**ACTIVITY**
Images do not belong in the copy; retype the rest of the entries below exactly.

(Extracted data entries)
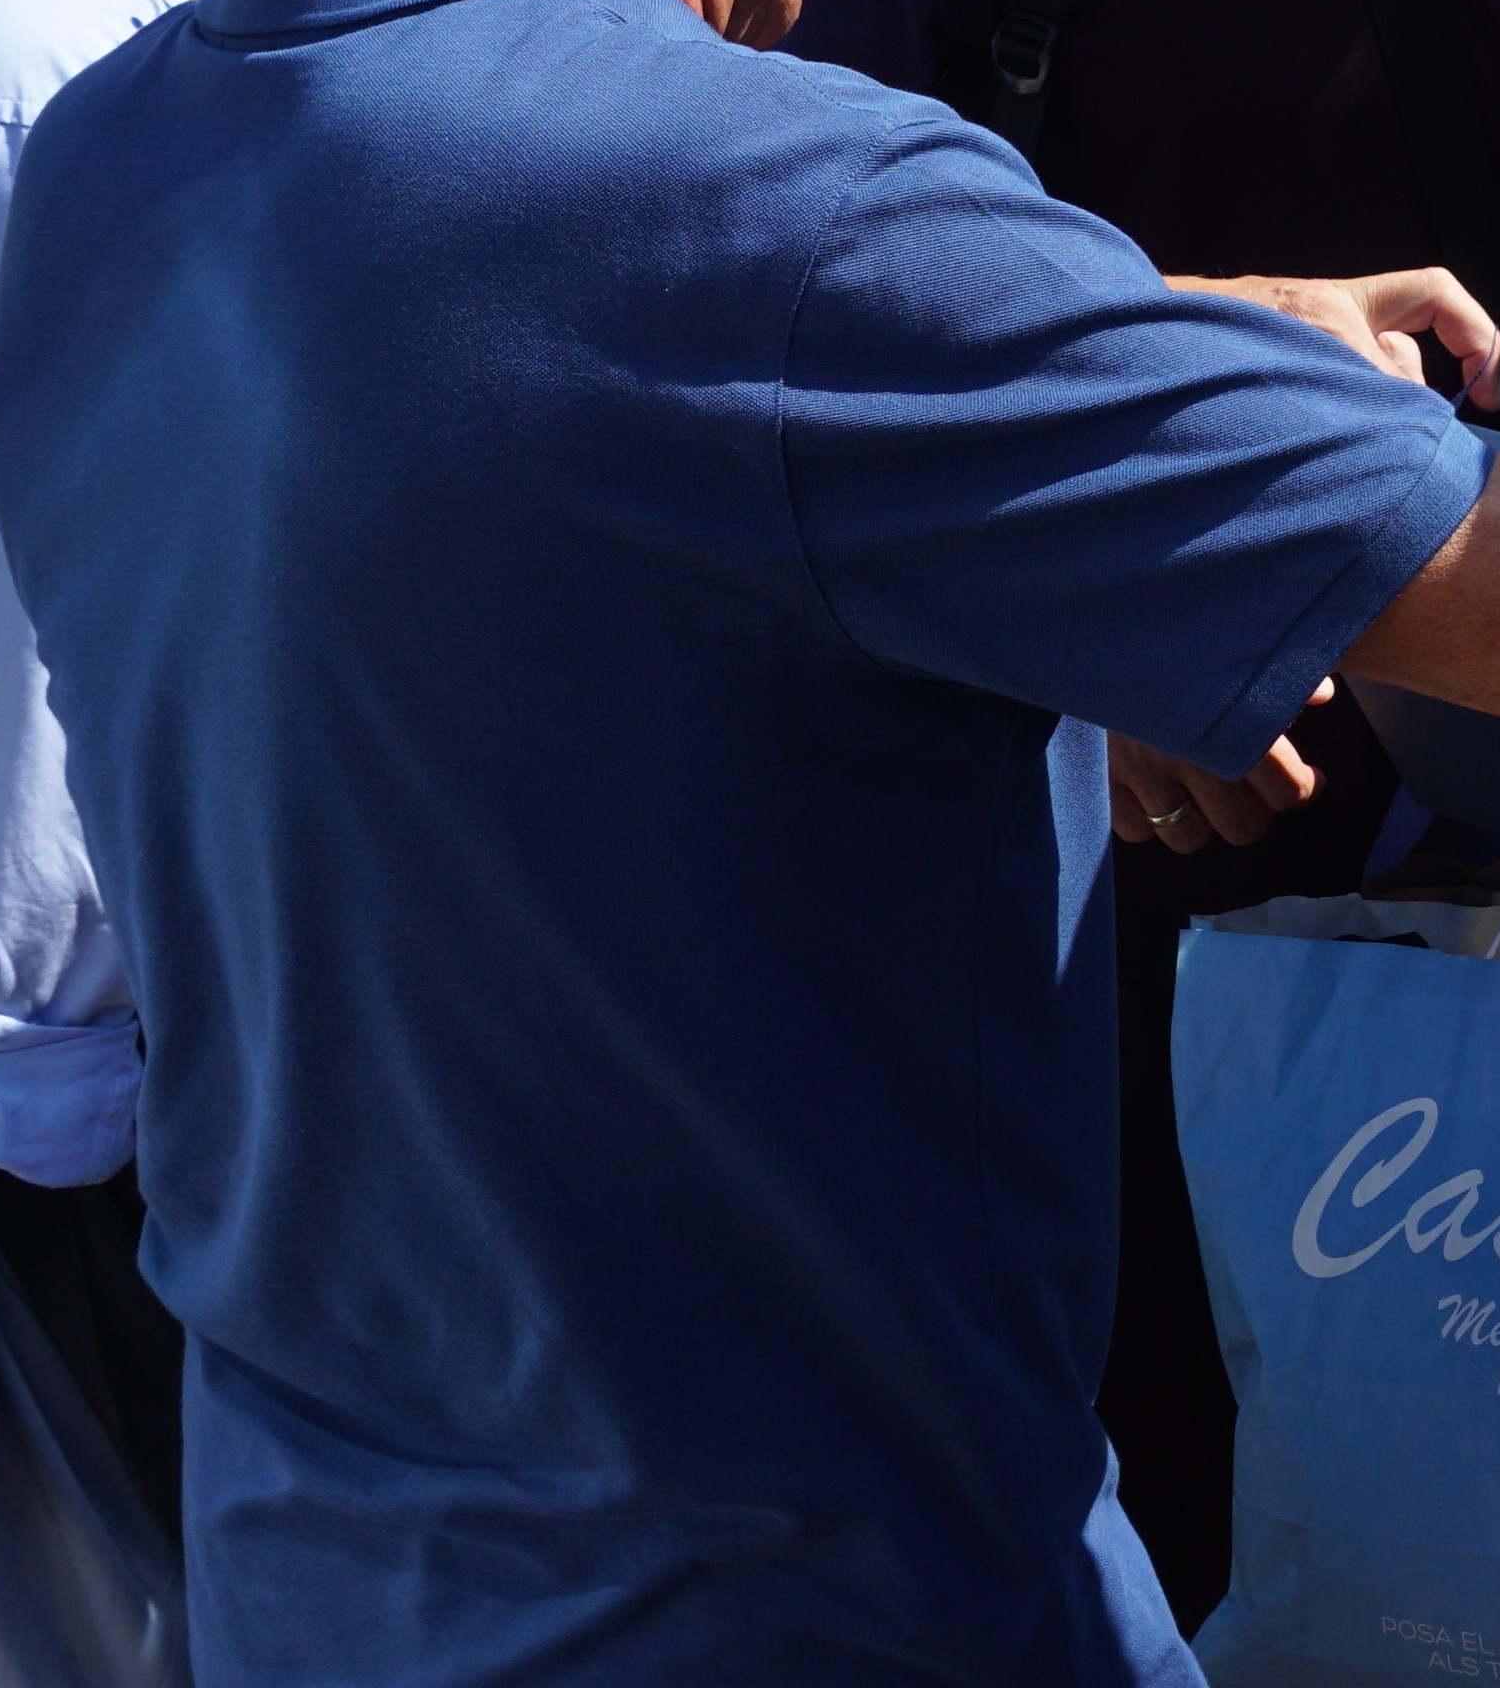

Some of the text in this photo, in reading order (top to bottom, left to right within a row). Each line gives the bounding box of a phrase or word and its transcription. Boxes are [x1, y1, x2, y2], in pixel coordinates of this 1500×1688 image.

[1380, 1616, 1455, 1647] POSA
[1461, 1631, 1495, 1656] EL
[1428, 1651, 1481, 1677] ALS
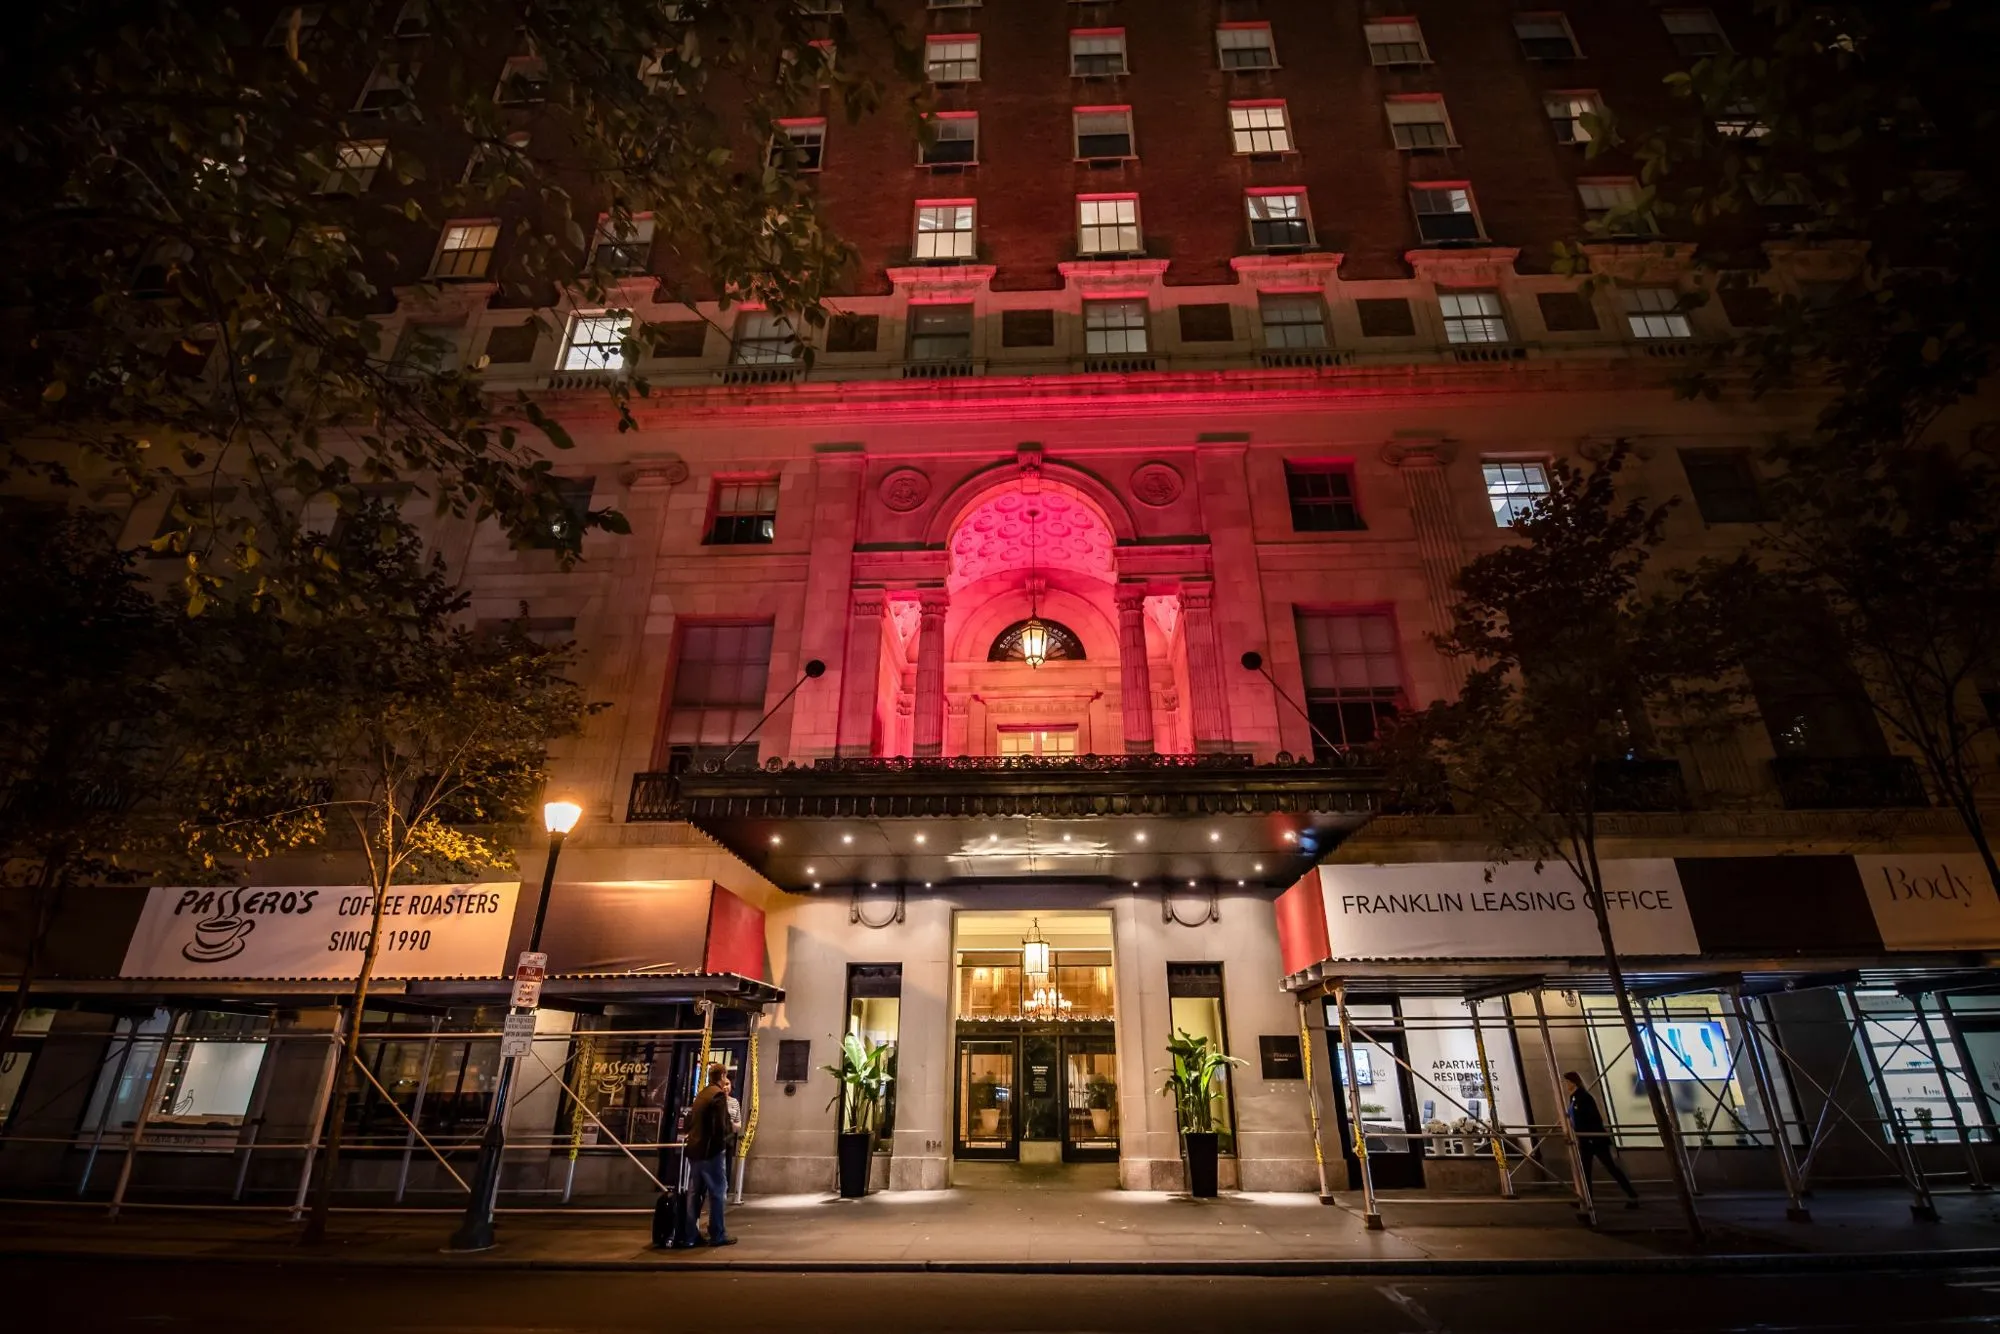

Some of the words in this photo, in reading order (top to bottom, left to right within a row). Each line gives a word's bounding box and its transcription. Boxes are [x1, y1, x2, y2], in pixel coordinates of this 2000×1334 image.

[1882, 864, 1972, 907] Body
[175, 887, 319, 920] PASSERO'S
[408, 893, 499, 915] ROASTERS
[1342, 892, 1464, 914] FRANKLIN
[1470, 891, 1576, 912] LEASING
[328, 930, 382, 951] SINC
[388, 930, 431, 951] 1990
[592, 1060, 651, 1075] PASSERO'S
[1432, 1060, 1495, 1069] APARTMET
[1434, 1071, 1499, 1082] RESIDENCS
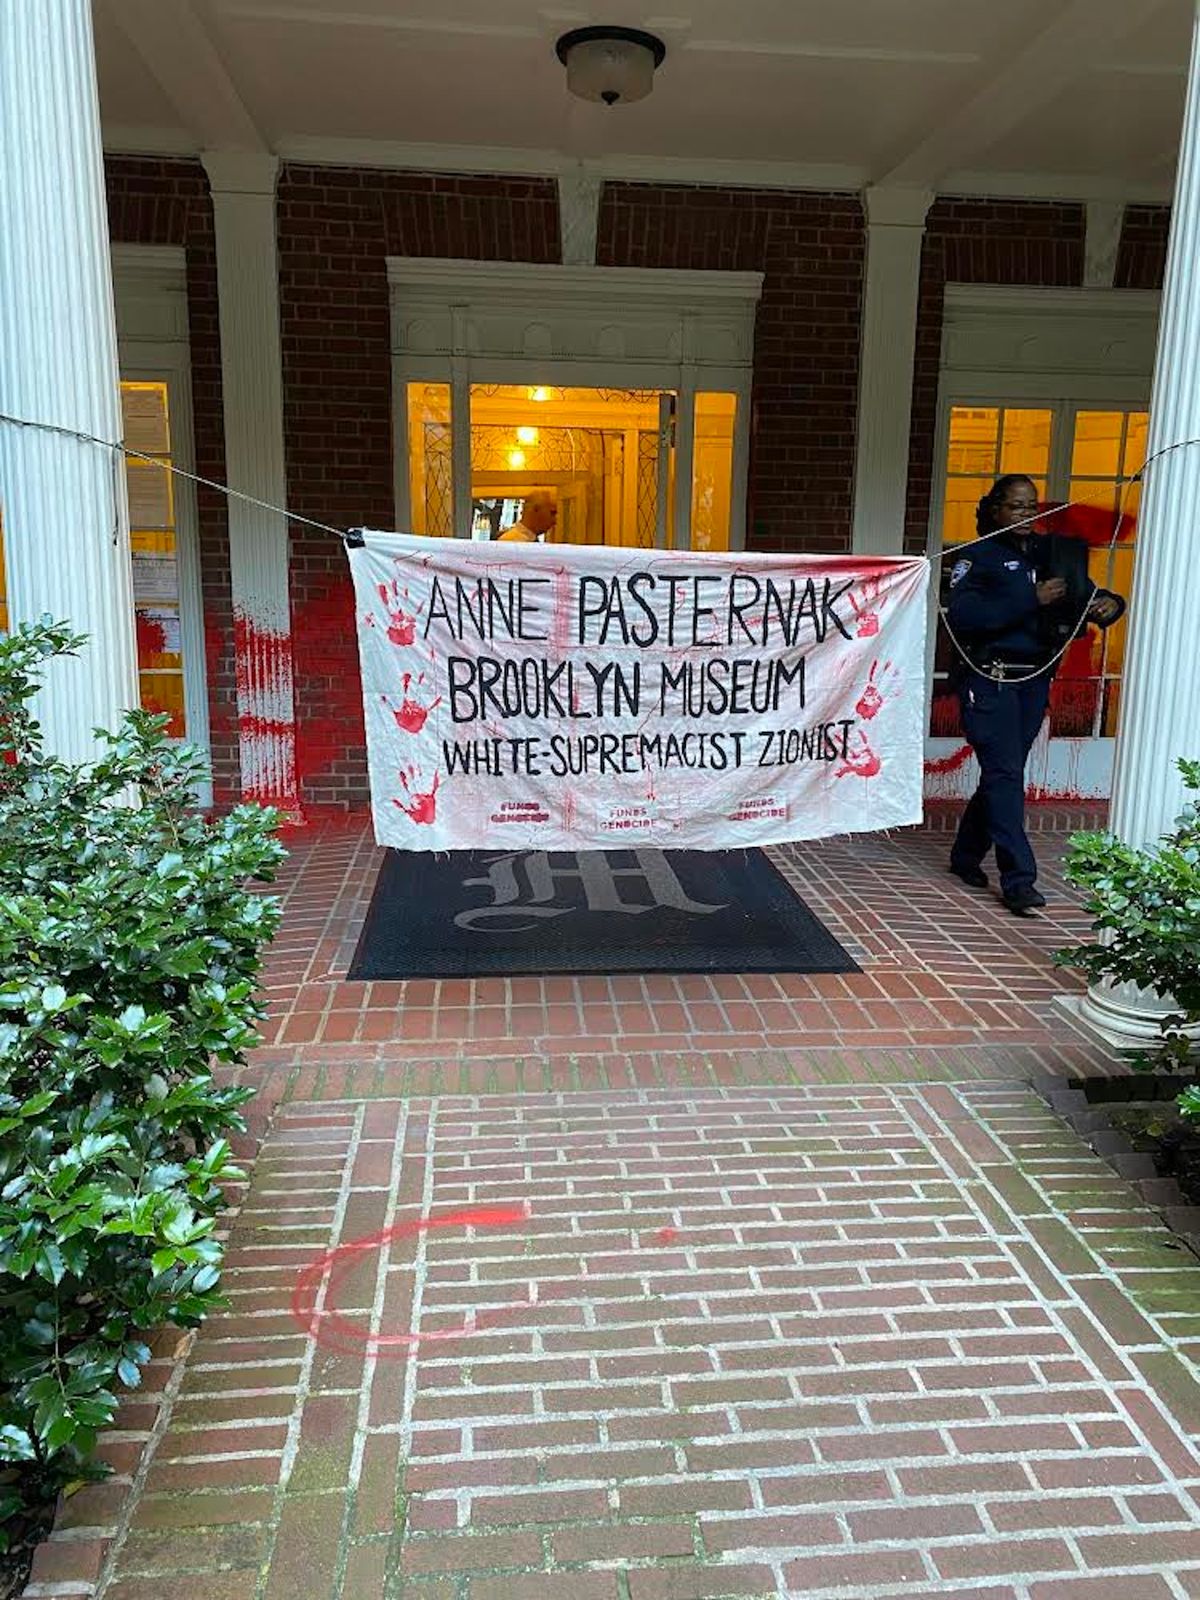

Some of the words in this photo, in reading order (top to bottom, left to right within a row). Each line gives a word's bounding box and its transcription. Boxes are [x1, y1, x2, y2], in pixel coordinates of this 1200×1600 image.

**OUTPUT FOR THIS EXERCISE**
Some of the text in this photo, in reading order (top to bottom, left to right within a row). Each line gives the bounding box of a phrase or word and its transcription. Boxes are [x1, y1, x2, y2], in pixel coordinates of this 1500×1688 image.

[1380, 1616, 1455, 1647] POSA
[1461, 1631, 1495, 1656] EL
[1428, 1651, 1481, 1677] ALS

Some of the words in this photo, in reading order (top to bottom, left to right within a row). Each line gives a word's bounding box and its transcription. Boxes are [x1, y1, x2, y2], in pixel coordinates of this 2000×1334 image.

[1882, 864, 1972, 907] Body
[175, 887, 319, 920] PASSERO'S
[408, 893, 499, 915] ROASTERS
[1342, 892, 1464, 914] FRANKLIN
[1470, 891, 1576, 912] LEASING
[328, 930, 382, 951] SINC
[388, 930, 431, 951] 1990
[592, 1060, 651, 1075] PASSERO'S
[1432, 1060, 1495, 1069] APARTMET
[1434, 1071, 1499, 1082] RESIDENCS

Some of the words in this photo, in reading order (top to bottom, left to right within a row). Each line gives a word's bounding box and its transcription. Boxes are [x1, y1, x2, y2], in pixel coordinates of this 1200×1600 image.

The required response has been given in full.